Scientific classification
- Kingdom: Animalia
- Phylum: Chordata
- Class: Mammalia
- Infraclass: Placentalia
- Order: Rodentia
- Family: Muridae
- Genus: Notomys
- Species: N. aquilo
- Binomial name: Notomys aquilo Thomas, 1921

= Northern hopping mouse =

- Genus: Notomys
- Species: aquilo
- Authority: Thomas, 1921
- Conservation status: EN

Species of rodent

The northern hopping mouse (Notomys aquilo) is a species of rodent in the family Muridae. It is also known as woorrentinta, from Lardil, the language of Mornington Island.

It is found only in coastal northern Australia, from Arnhem Land to the Cobourg Peninsula in the Northern Territory of Australia. The only known population is in the Anindilyakwa Indigenous Protected Area on Groote Eylandt.
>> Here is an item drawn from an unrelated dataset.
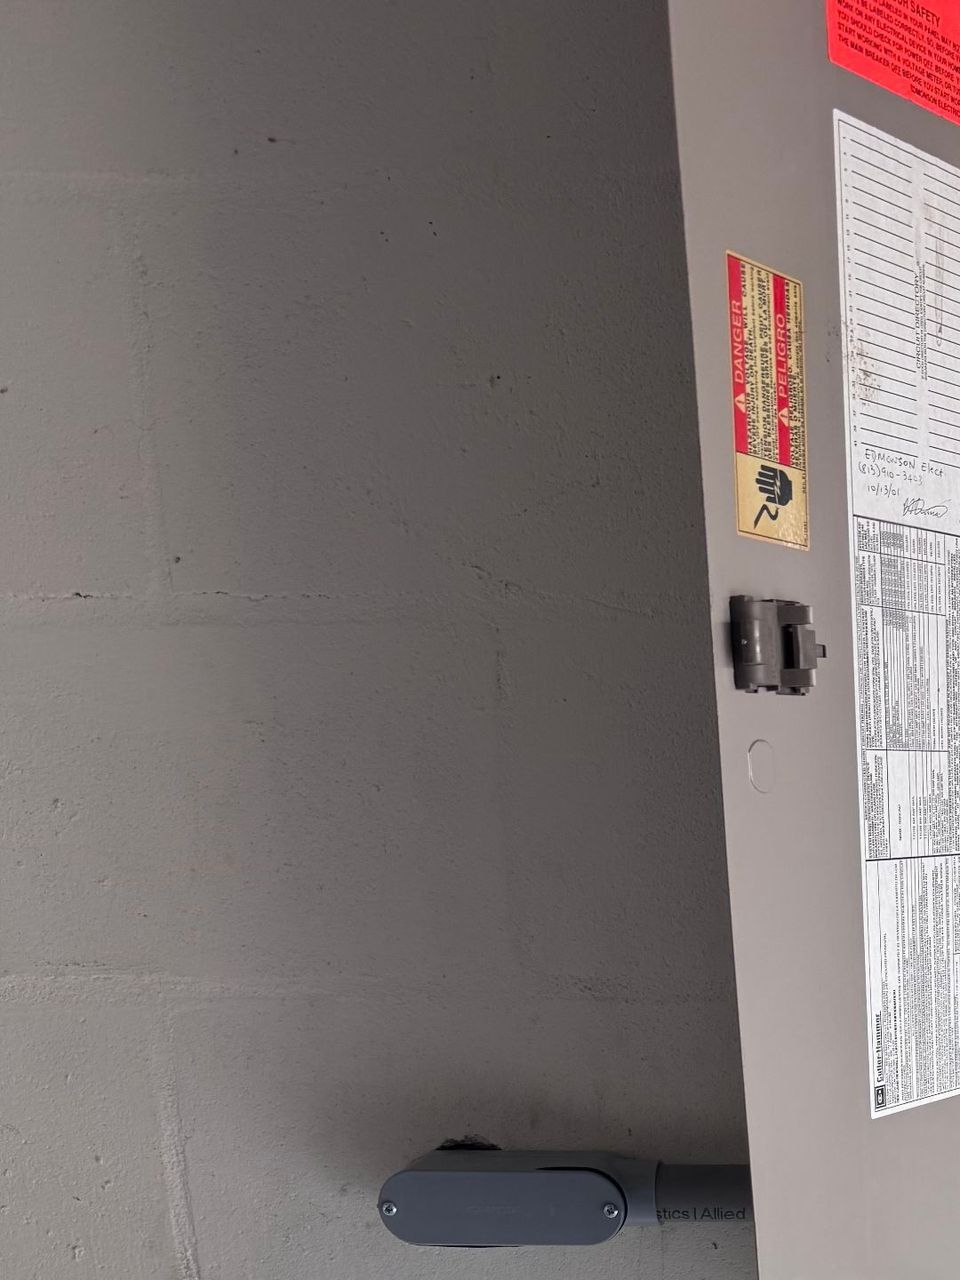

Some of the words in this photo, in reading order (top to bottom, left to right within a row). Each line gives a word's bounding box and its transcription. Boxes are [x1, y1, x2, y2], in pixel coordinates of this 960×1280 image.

There have two former sightings in inland central Arnhem Land and in Cape York in Queensland 120 years ago, both single recordings. Its population has not been yet been determined. It is classified as vulnerable.

The mouse weighs 25 to 50 grams and is brown above and white below. Its long tail measures 150% of its body length and it has long hind feet up to 4 centimeters long.
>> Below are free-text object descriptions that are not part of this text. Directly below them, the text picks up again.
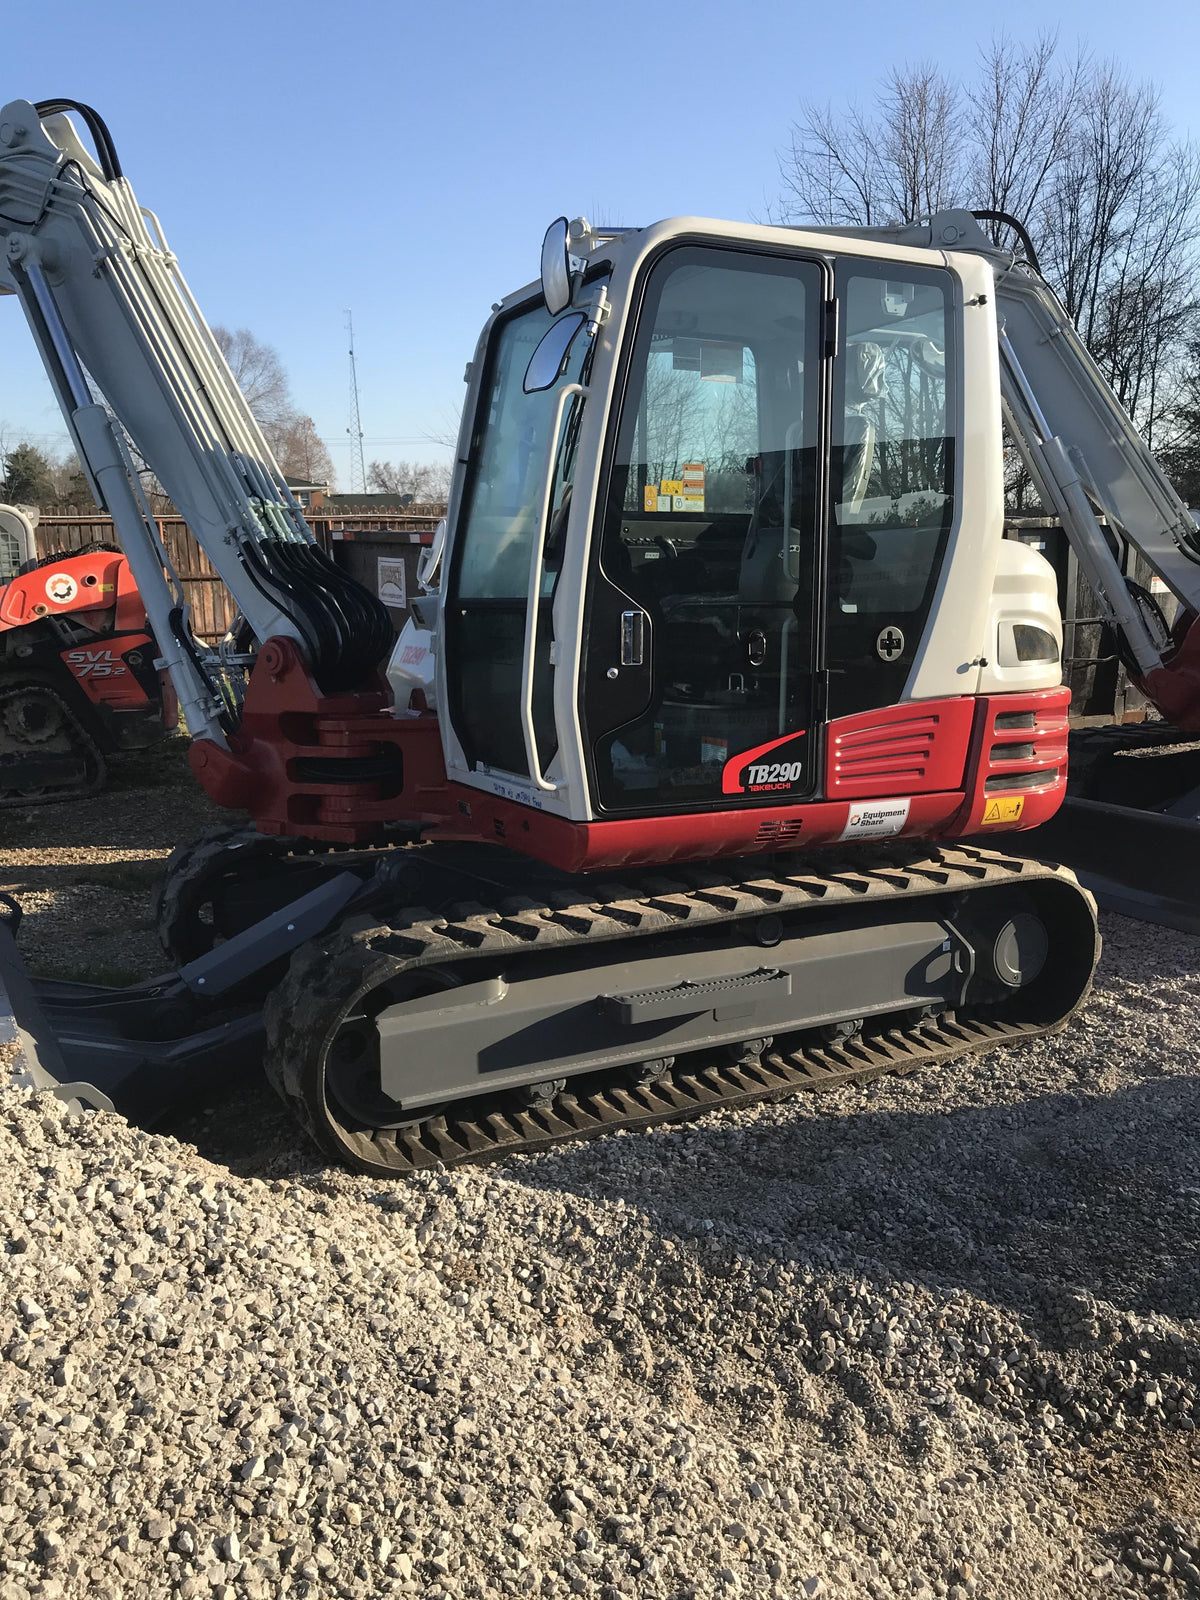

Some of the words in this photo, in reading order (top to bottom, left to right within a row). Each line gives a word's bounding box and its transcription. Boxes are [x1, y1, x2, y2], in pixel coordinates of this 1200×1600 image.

[66, 650, 121, 664] SVL
[748, 761, 802, 785] TB290
[748, 782, 791, 792] TAKEUCHI
[862, 809, 906, 819] Equipment
[860, 819, 884, 827] Share
This species lives in sandy soils on heathlands and grasslands. It is nocturnal. It consumes seeds and sometimes other plant material and invertebrates.The mouse hops, leaving bipedal tracks. The females are known to construct elaborate communal burrow systems.
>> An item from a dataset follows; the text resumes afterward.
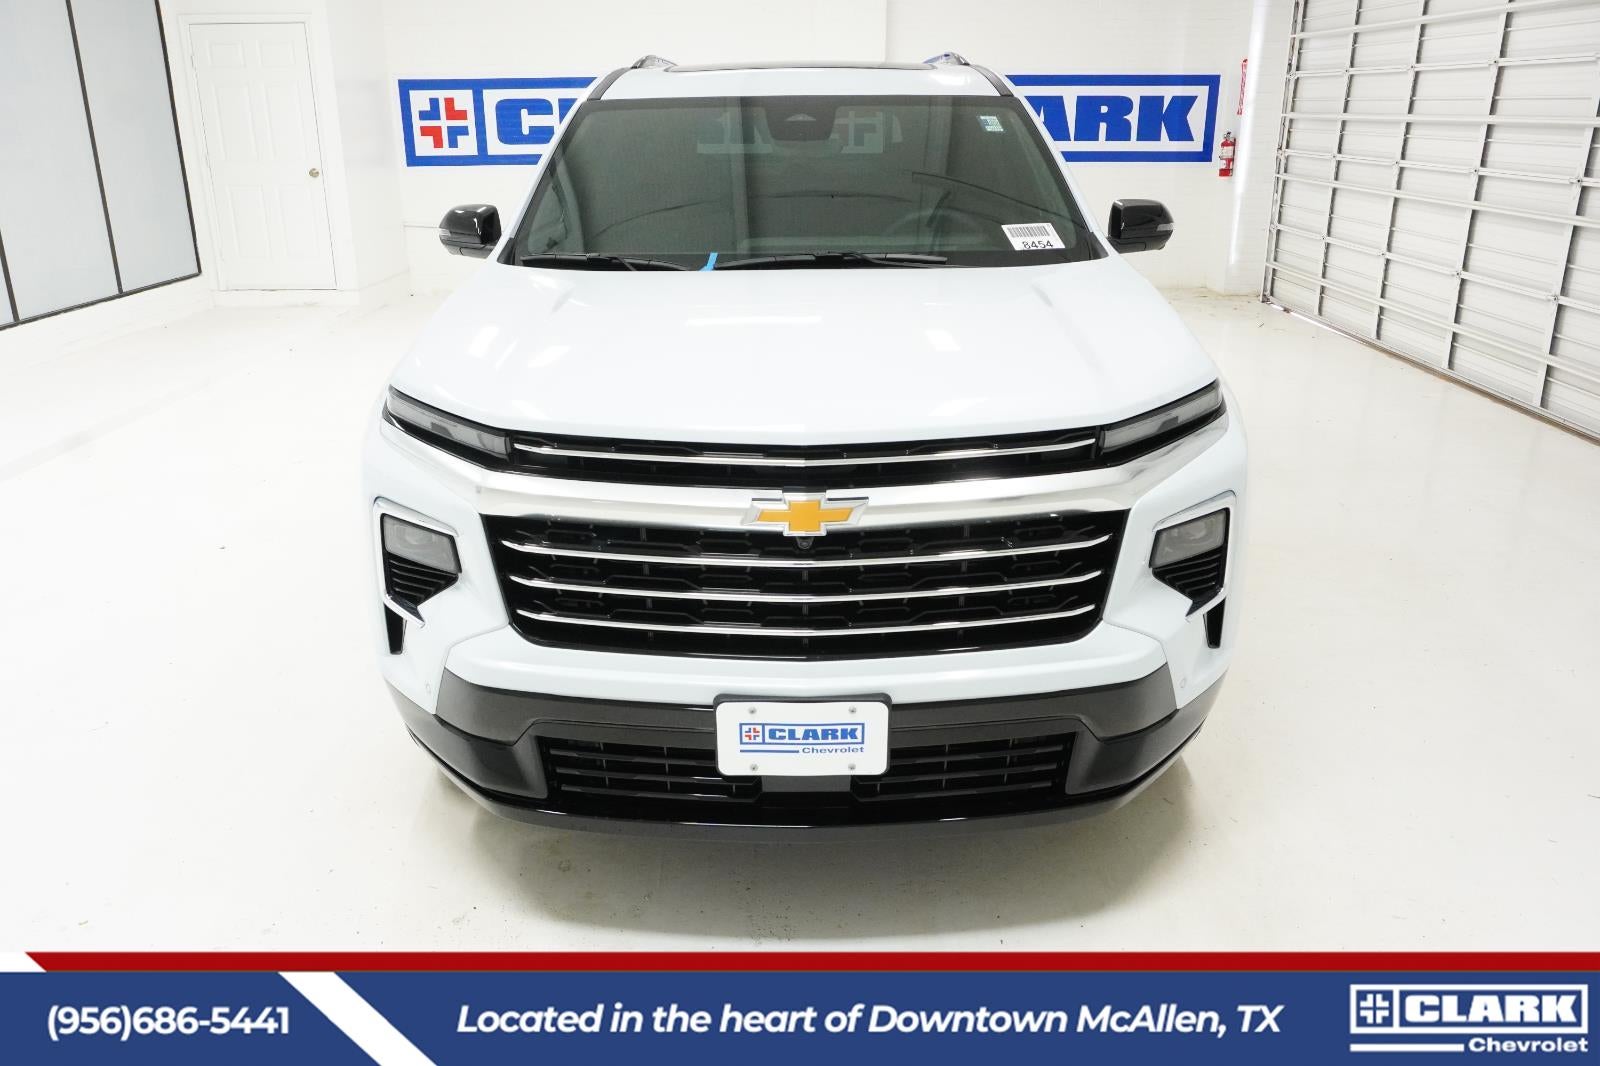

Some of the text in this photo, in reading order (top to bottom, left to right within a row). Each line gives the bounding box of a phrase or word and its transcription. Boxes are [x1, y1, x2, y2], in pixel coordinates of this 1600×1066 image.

[1022, 240, 1054, 249] 8454
[768, 728, 858, 740] CLARK
[802, 746, 864, 754] Chevrolet
Threats to this species include habitat alteration, such as changes in the fire regime and the effects of livestock. Feral cats watch the burrows and may consume several individuals in a night.

A national recovery plan for the Northern Hopping-mouse was prepared in 2004. It is highly elusive and 'trap-shy'. Recent surveys have been undertaken using camera traps and radio-tracking.